LONDON – Germany found strong demand in a 3.1 billion euro sale of five-year bonds on Wednesday, thanks to unease over Spain's future that has pushed investors back to less risky debt despite the low yields on offer.
Madrid's resistance to asking for a bailout to tackle its debt problems has caused some investors to question the rally in riskier assets seen in August and September and start looking for shelter again in the safe haven of Bunds.
"This result has likely been driven by uncertainty surrounding the Spanish request for a sovereign bailout and the German redemption and coupon flow this week," said Lyn Graham-Taylor, strategist at Rabobank in London.

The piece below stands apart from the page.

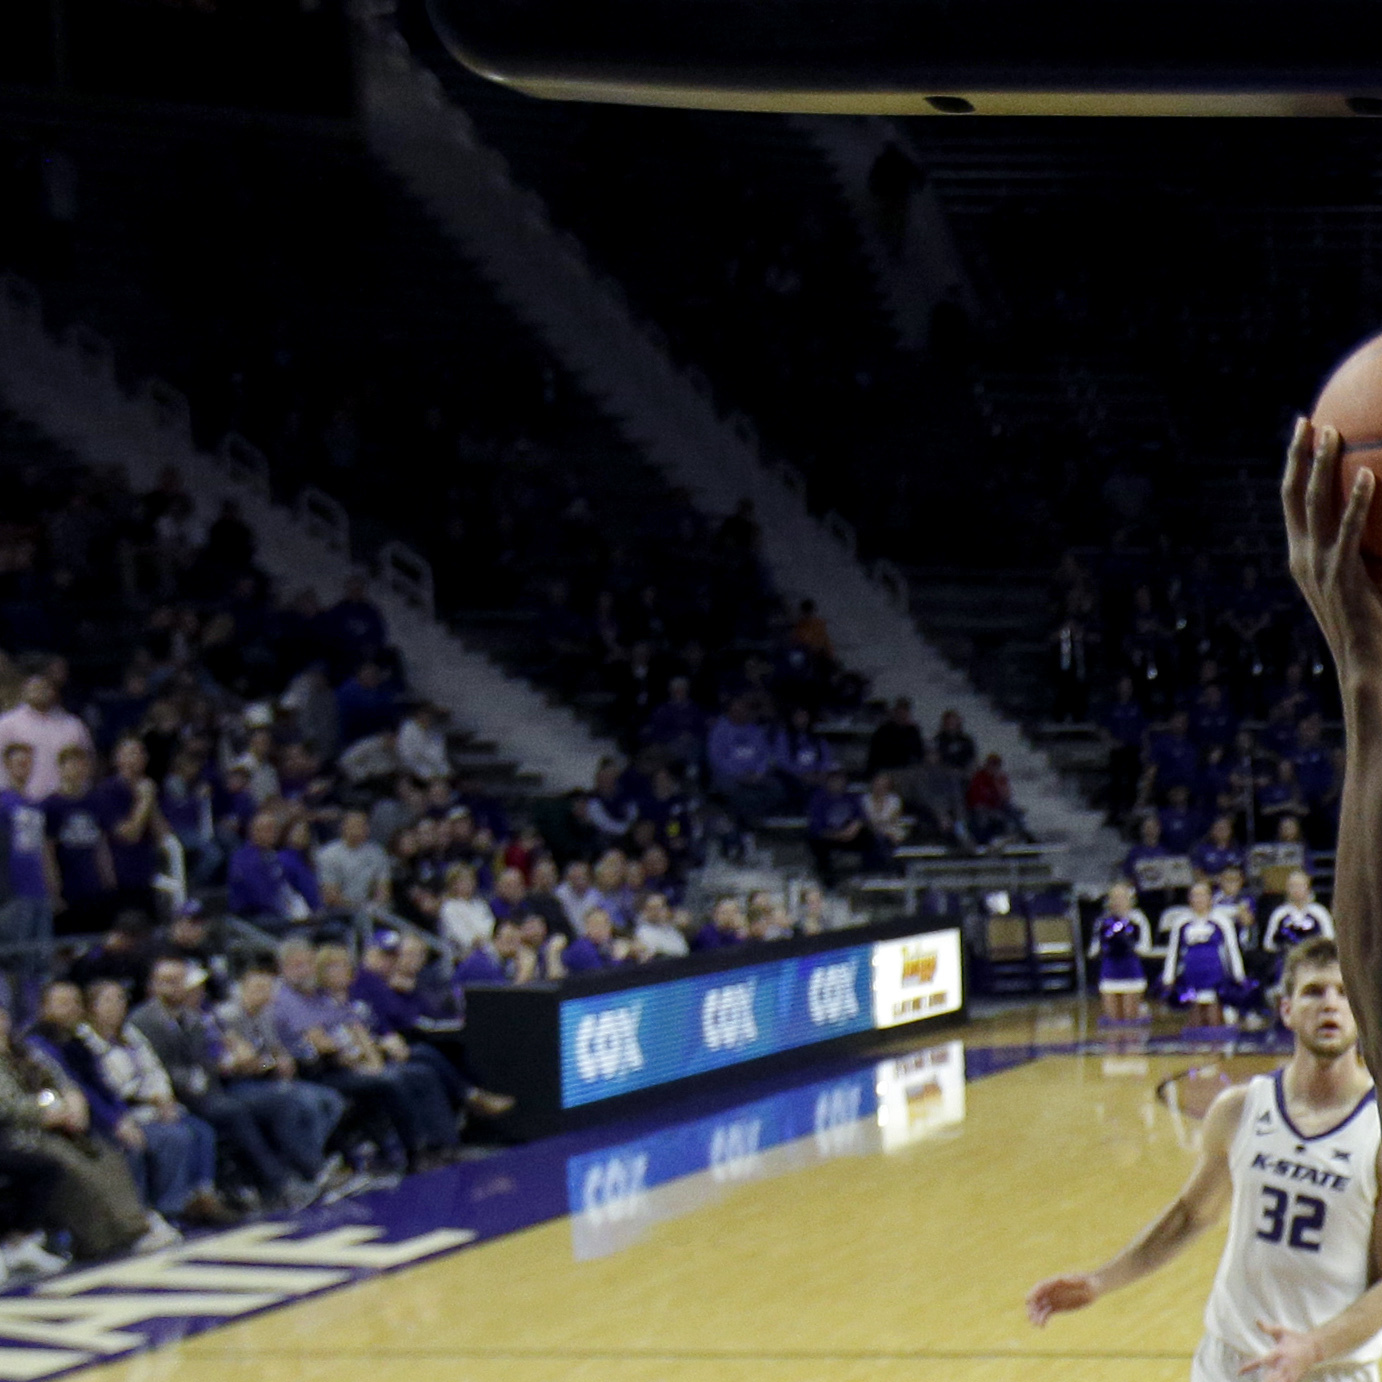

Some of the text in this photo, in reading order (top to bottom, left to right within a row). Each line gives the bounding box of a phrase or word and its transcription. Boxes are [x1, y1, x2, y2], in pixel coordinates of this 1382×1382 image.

[575, 1001, 644, 1084] COX
[1252, 1152, 1351, 1192] K-STATE
[1256, 1185, 1328, 1252] 32

A maturing German bond and related coupon payments will return around 18 billion euros to investors - much of which was expected to be reinvested in the country's debt over the coming days.
Wednesday's bonds were issued at an average yield of 0.53 percent, and bids for the 4 billion euros issued totaled 6.958 billion, leaving German authorities to retain 22.2 percent for sale into the market at a later date.
The bid-to-cover ratio of 2.2 was above the year's average of 1.99 and compared very favorably with the 1.4 seen in September when the bond was launched at a yield of 0.61 percent.
Recently, demand for German debt at auction has been shaky because large swings in yields, caused by acute sensitivity to the prospect of a Spanish bailout, were acting as a deterrent to long-term investors.
Two weeks ago a 10-year bond sale failed to attract bids worth the total amount on offer.
However, many investors have since withdrawn from the market awaiting greater clarity from Spain and bonds have settled into a more stable range.